> _Task input_
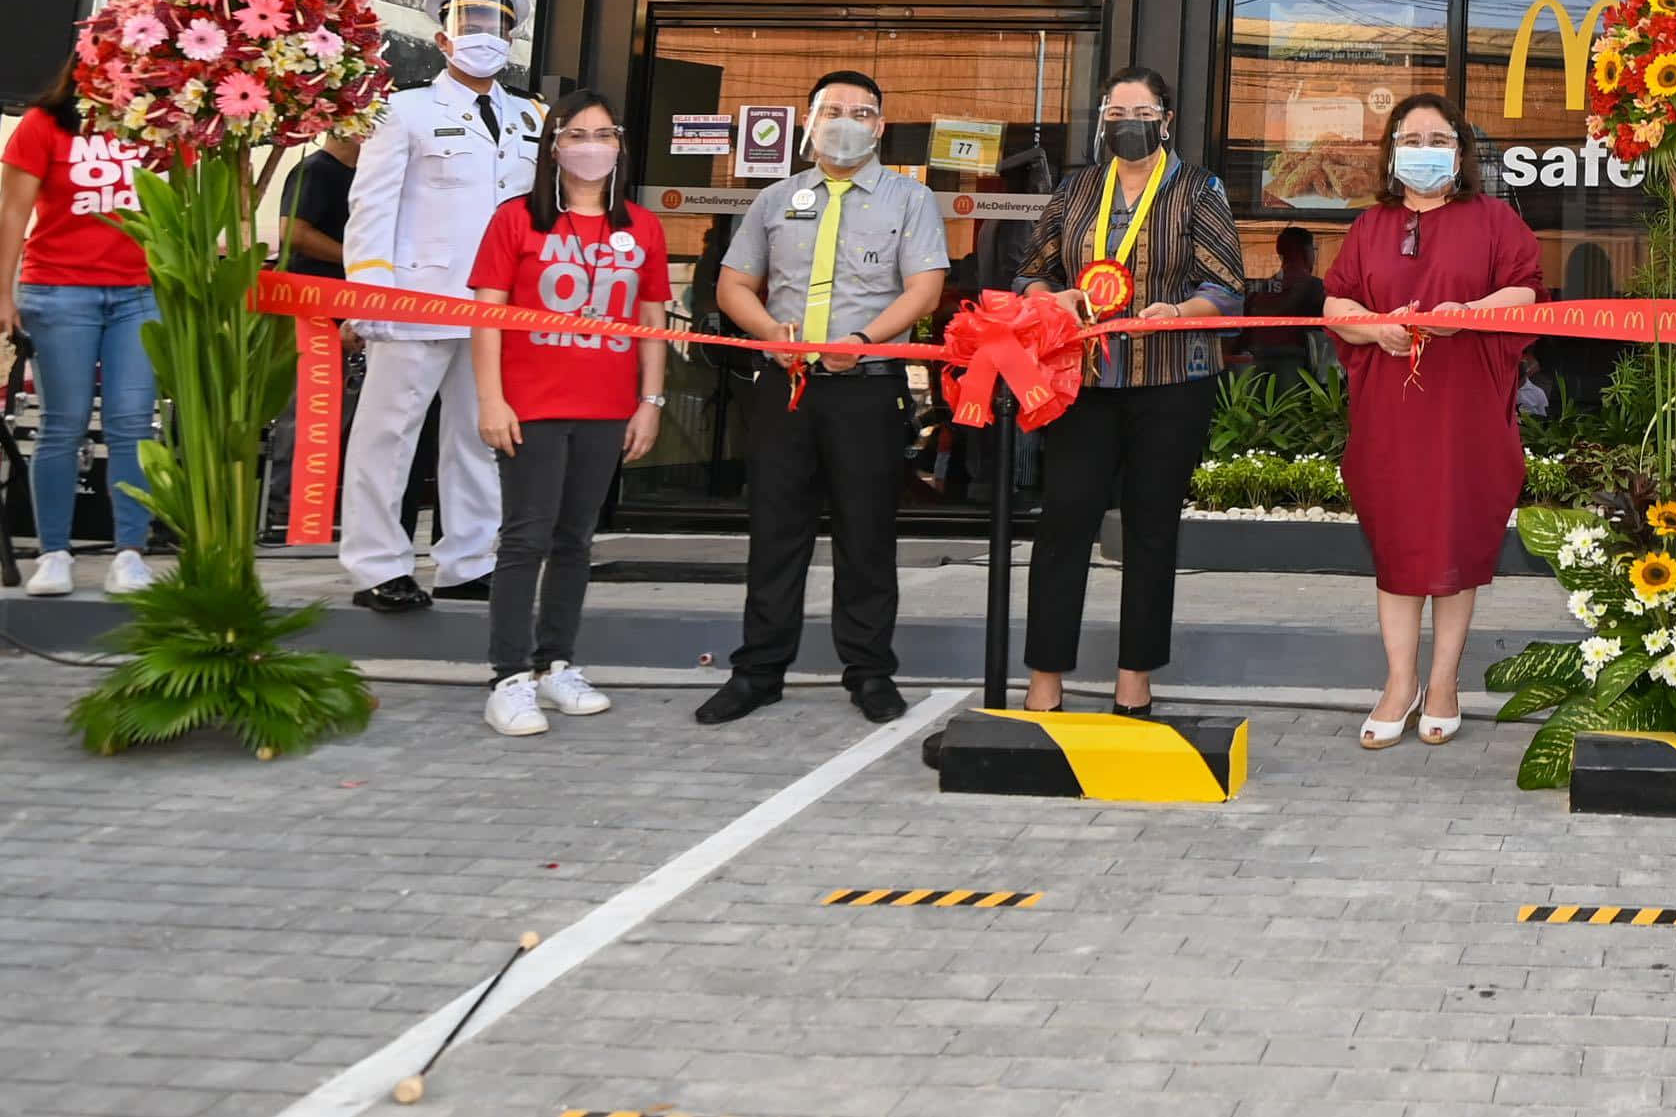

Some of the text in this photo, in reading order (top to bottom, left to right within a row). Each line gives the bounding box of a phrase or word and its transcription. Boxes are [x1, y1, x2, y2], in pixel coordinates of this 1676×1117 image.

[69, 135, 150, 163] Mc
[958, 142, 973, 155] 77
[71, 186, 142, 215] ald
[684, 195, 753, 207] McDelivery.co
[976, 202, 1047, 213] McDelivery.co
[539, 234, 646, 269] McD
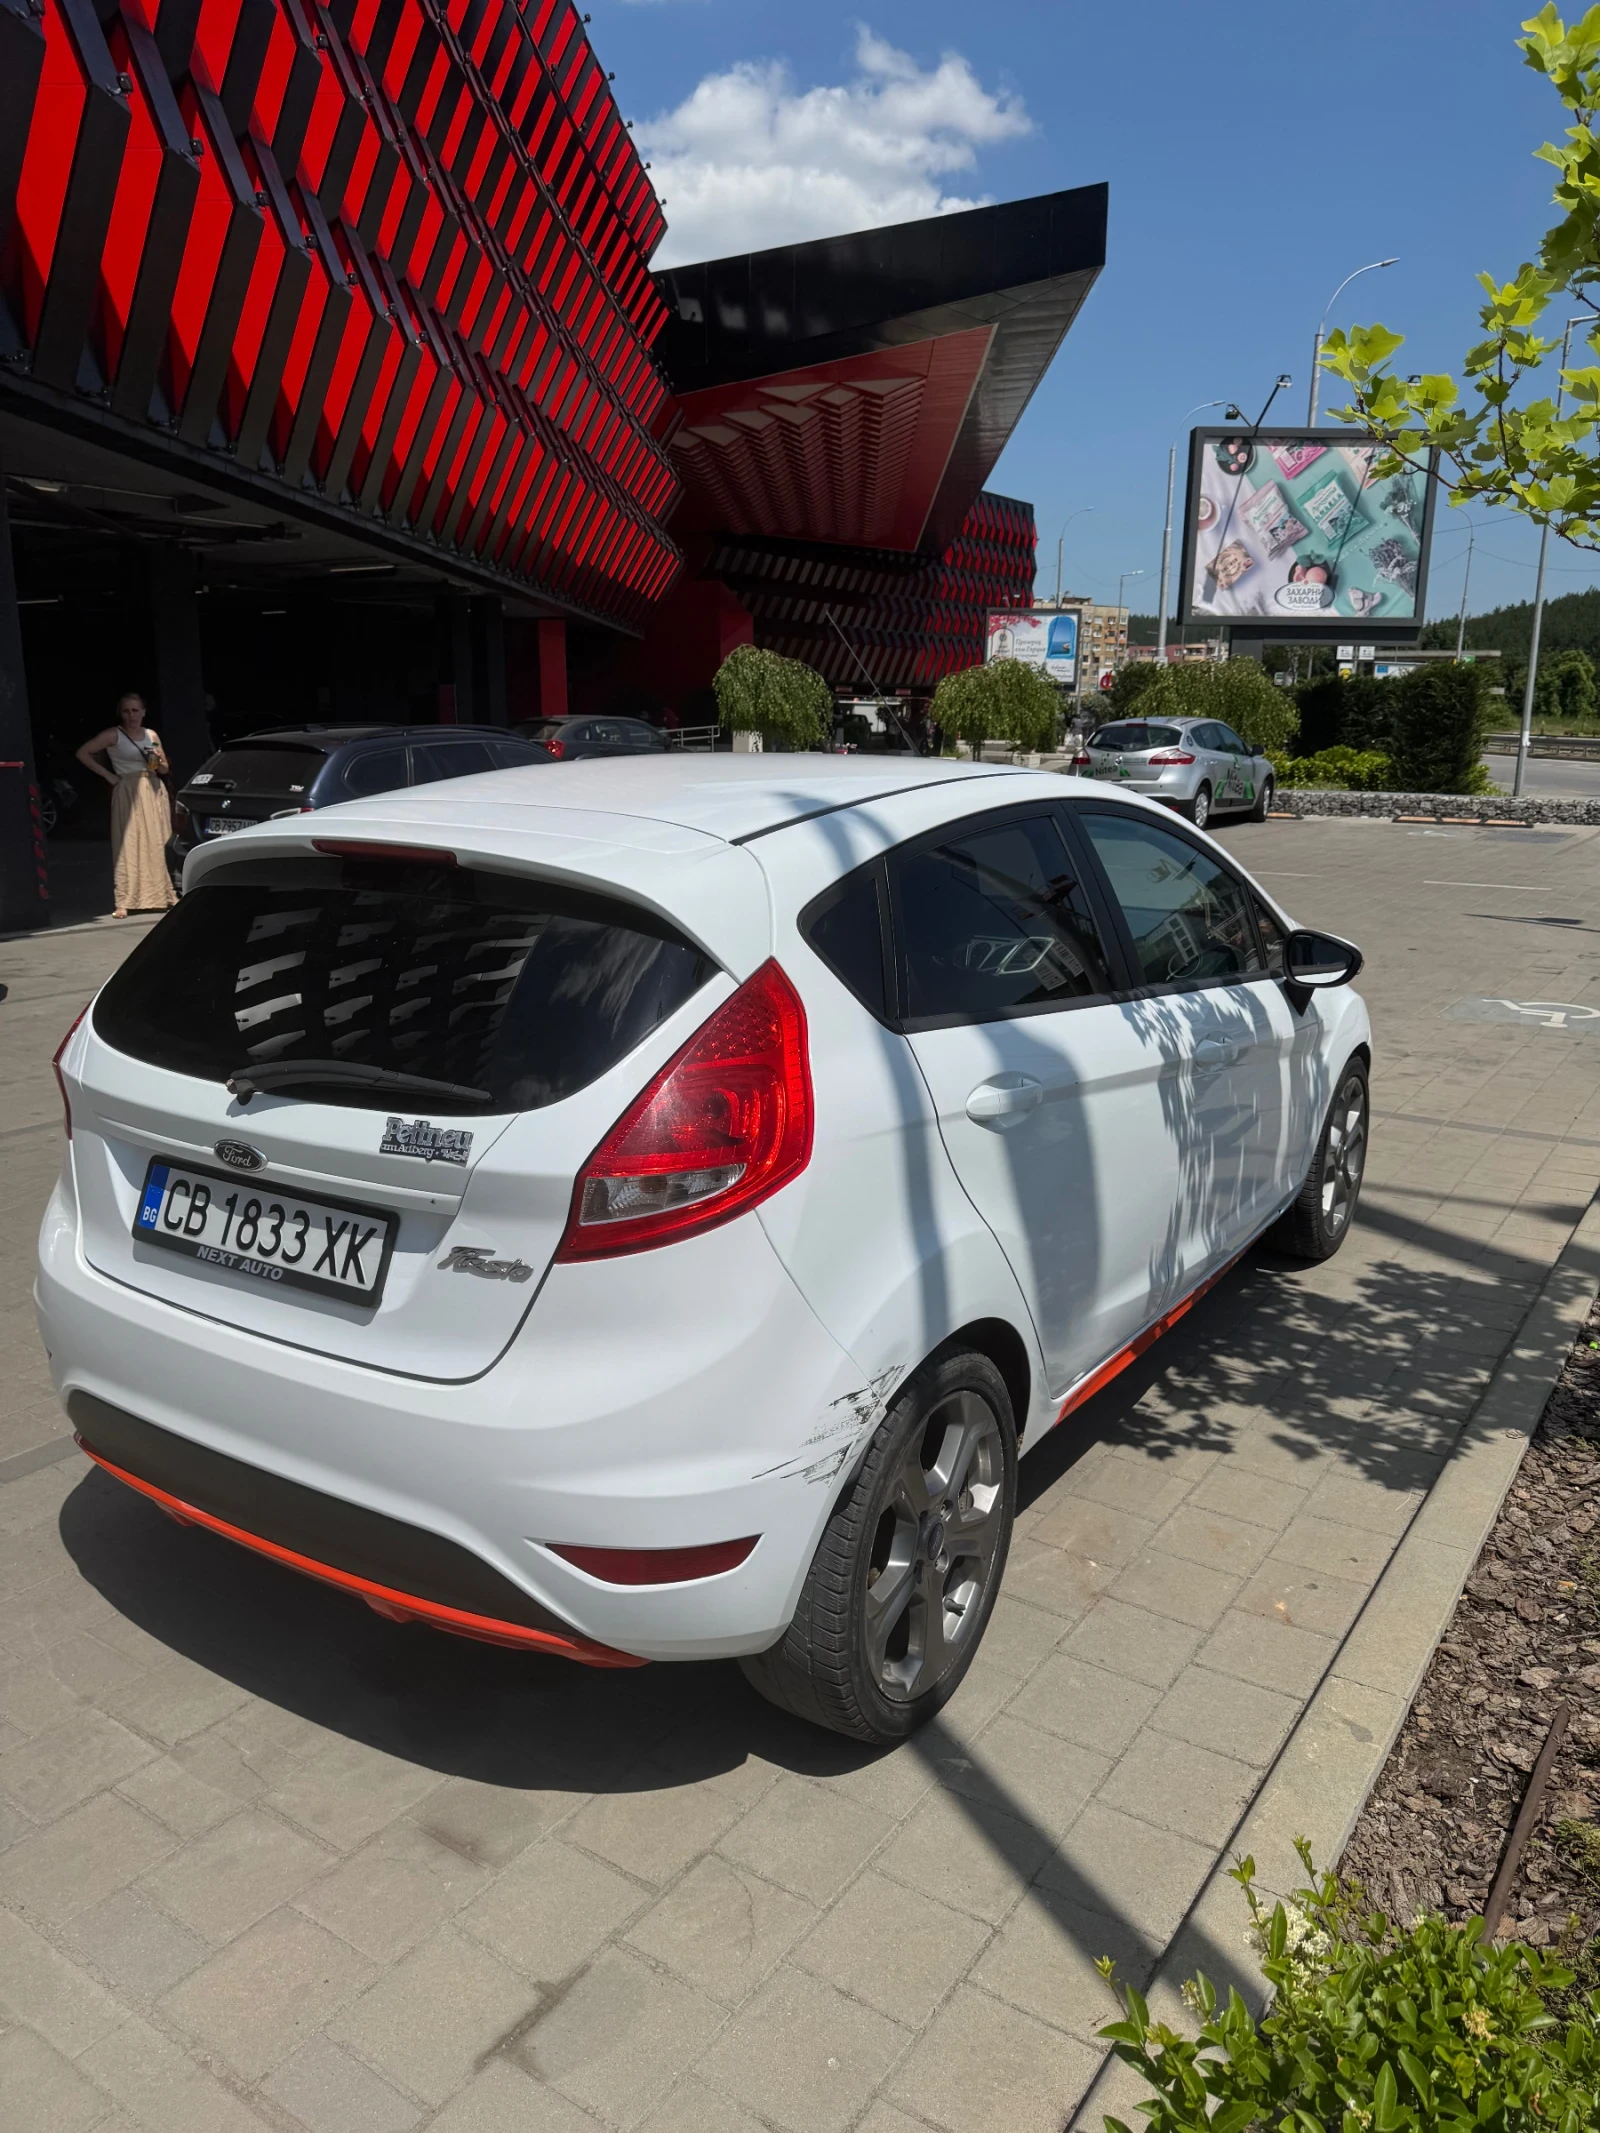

> _Task brief_
A word-for-word copy of the listing is the goal; keep every picture out of it.

> _Solution to this task_
Some of the text in this photo, in reading order (top to bottom, left to right within a row). Each line gives the bounding box of a phrase or word and its transcription. Boxes are [x1, y1, x2, y2], in pixel coordinates of this 1676×1117 image.

[69, 135, 150, 163] Mc
[958, 142, 973, 155] 77
[71, 186, 142, 215] ald
[684, 195, 753, 207] McDelivery.co
[976, 202, 1047, 213] McDelivery.co
[539, 234, 646, 269] McD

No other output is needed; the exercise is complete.